(a) [tex]18.4^{\circ}[/tex]
We know that the horizontal distance travelled by the arrow is
d = 75.0 m
We also know that the horizontal range of a projectile is given by
[tex]d=\frac{v^2}{g} sin 2\theta[/tex]
where
v is the speed of the projectile
g = 9.8 m/s^2 is the acceleration of gravity
[tex]\theta[/tex] is the angle of the projectile
Here we have
v = 35.0 m/s
Substituting into the equation and solving for [tex]\theta[/tex], we find
[tex]\theta=\frac{1}{2}sin^{-1} (\frac{dg}{v^2})=\frac{1}{2}sin^{-1} (\frac{(75.0 m)(9.8 m/s^2)}{(35.0 m/s)^2})=18.4^{\circ}[/tex]
(b) 6.2 m
In order to answer this part of the problem, we have to calculate what is the maximum height reached by the projectile in its trajectory.
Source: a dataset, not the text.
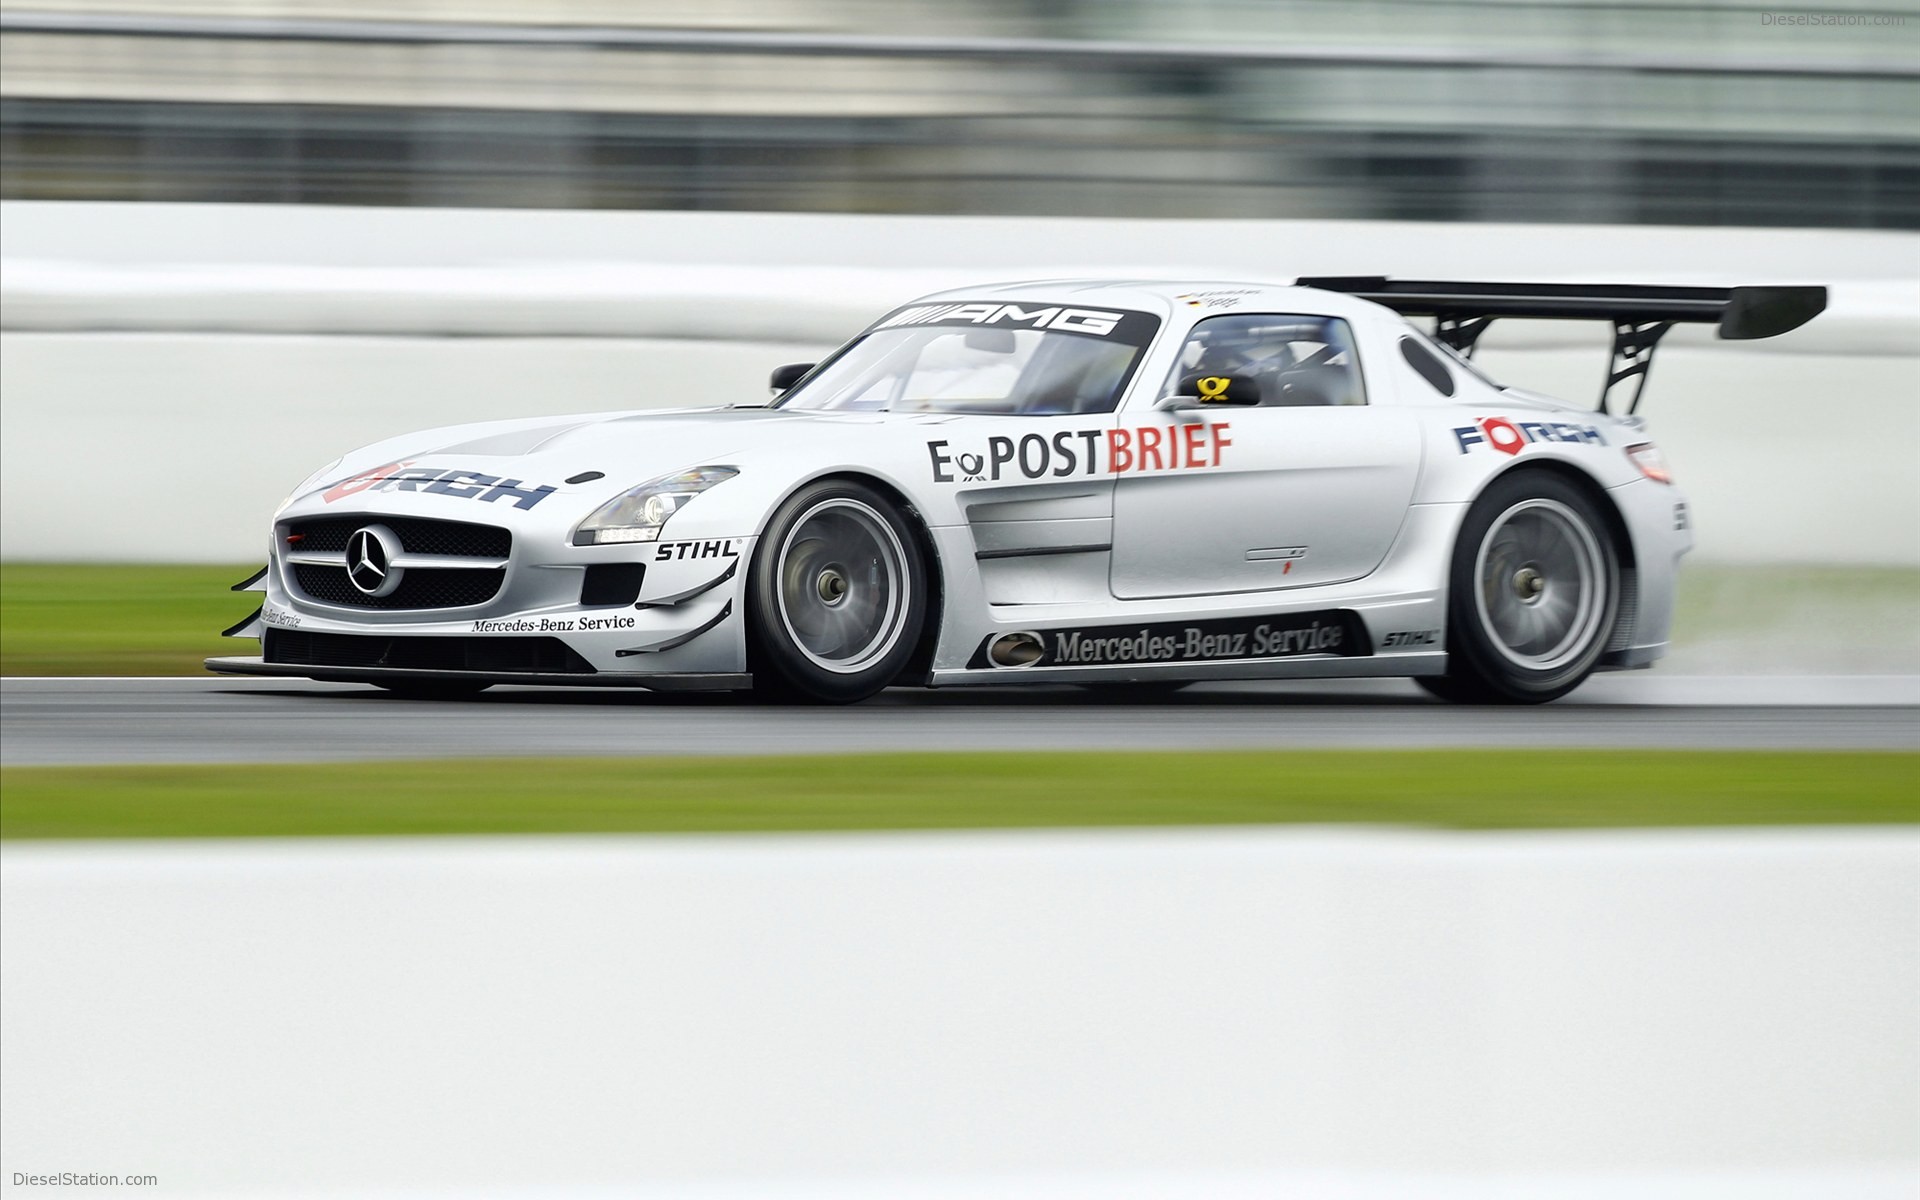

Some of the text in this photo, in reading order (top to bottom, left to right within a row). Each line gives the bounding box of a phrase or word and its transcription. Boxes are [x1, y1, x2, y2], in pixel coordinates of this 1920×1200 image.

First of all, we can calculate the vertical component of the velocity, which is given by:
[tex]u_y = u sin \theta = (35.0 m/s) sin 18.4^{\circ} = 11.0 m/s[/tex]
The motion along the vertical direction is a uniformly accelerated motion with constant acceleration
g = -9.8 m/s^2
(negative since it points downward). So we can write
[tex]v_y^2 - u_y^2 = 2gh[/tex]
where
[tex]v_y = 0[/tex] is the vertical velocity at the point of maximum height
h is the maximum height
Solving for h, we find
[tex]h=\frac{v_y^2 - u_y^2}{2g}=\frac{0-(11.0 m/s)^2}{2(-9.8 m/s^2)}=6.2 m[/tex]
Therefore, the arrow will go over the branch (which is located 3.50 m above the ground).